WHAT YOU WILL DO
Copy out every record that follows, word for word.

SOURCE DATA
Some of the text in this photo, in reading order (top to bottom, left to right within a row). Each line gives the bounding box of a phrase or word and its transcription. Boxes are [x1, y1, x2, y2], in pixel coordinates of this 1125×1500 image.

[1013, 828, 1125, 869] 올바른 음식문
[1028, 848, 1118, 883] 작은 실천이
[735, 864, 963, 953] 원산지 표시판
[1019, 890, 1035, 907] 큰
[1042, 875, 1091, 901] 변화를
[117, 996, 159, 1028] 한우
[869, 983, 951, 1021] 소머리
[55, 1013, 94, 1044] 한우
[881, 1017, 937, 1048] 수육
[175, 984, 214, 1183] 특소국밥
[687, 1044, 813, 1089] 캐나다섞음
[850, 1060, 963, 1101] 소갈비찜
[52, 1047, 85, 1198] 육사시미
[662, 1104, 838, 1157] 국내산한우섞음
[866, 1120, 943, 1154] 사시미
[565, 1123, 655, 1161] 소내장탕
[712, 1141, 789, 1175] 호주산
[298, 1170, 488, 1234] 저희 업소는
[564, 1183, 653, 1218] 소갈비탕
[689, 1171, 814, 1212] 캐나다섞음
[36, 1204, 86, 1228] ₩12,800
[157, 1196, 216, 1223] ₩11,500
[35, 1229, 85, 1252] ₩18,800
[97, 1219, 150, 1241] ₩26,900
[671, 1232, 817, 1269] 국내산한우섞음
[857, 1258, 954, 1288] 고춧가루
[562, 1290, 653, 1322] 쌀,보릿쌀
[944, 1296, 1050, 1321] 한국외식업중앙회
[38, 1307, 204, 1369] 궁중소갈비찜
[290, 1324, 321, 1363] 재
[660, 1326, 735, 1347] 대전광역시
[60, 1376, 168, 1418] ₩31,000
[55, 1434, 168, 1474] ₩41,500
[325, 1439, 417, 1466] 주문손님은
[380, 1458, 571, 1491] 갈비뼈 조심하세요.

RESPONSE TO THE EXERCISE
Some of the text in this photo, in reading order (top to bottom, left to right within a row). Each line gives the bounding box of a phrase or word and its transcription. Boxes are [x1, y1, x2, y2], in pixel coordinates of this 1125×1500 image.

[1013, 828, 1125, 869] 올바른 음식문
[1028, 848, 1118, 883] 작은 실천이
[735, 864, 963, 953] 원산지 표시판
[1019, 890, 1035, 907] 큰
[1042, 875, 1091, 901] 변화를
[117, 996, 159, 1028] 한우
[869, 983, 951, 1021] 소머리
[55, 1013, 94, 1044] 한우
[881, 1017, 937, 1048] 수육
[175, 984, 214, 1183] 특소국밥
[687, 1044, 813, 1089] 캐나다섞음
[850, 1060, 963, 1101] 소갈비찜
[52, 1047, 85, 1198] 육사시미
[662, 1104, 838, 1157] 국내산한우섞음
[866, 1120, 943, 1154] 사시미
[565, 1123, 655, 1161] 소내장탕
[712, 1141, 789, 1175] 호주산
[298, 1170, 488, 1234] 저희 업소는
[564, 1183, 653, 1218] 소갈비탕
[689, 1171, 814, 1212] 캐나다섞음
[36, 1204, 86, 1228] ₩12,800
[157, 1196, 216, 1223] ₩11,500
[35, 1229, 85, 1252] ₩18,800
[97, 1219, 150, 1241] ₩26,900
[671, 1232, 817, 1269] 국내산한우섞음
[857, 1258, 954, 1288] 고춧가루
[562, 1290, 653, 1322] 쌀,보릿쌀
[944, 1296, 1050, 1321] 한국외식업중앙회
[38, 1307, 204, 1369] 궁중소갈비찜
[290, 1324, 321, 1363] 재
[660, 1326, 735, 1347] 대전광역시
[60, 1376, 168, 1418] ₩31,000
[55, 1434, 168, 1474] ₩41,500
[325, 1439, 417, 1466] 주문손님은
[380, 1458, 571, 1491] 갈비뼈 조심하세요.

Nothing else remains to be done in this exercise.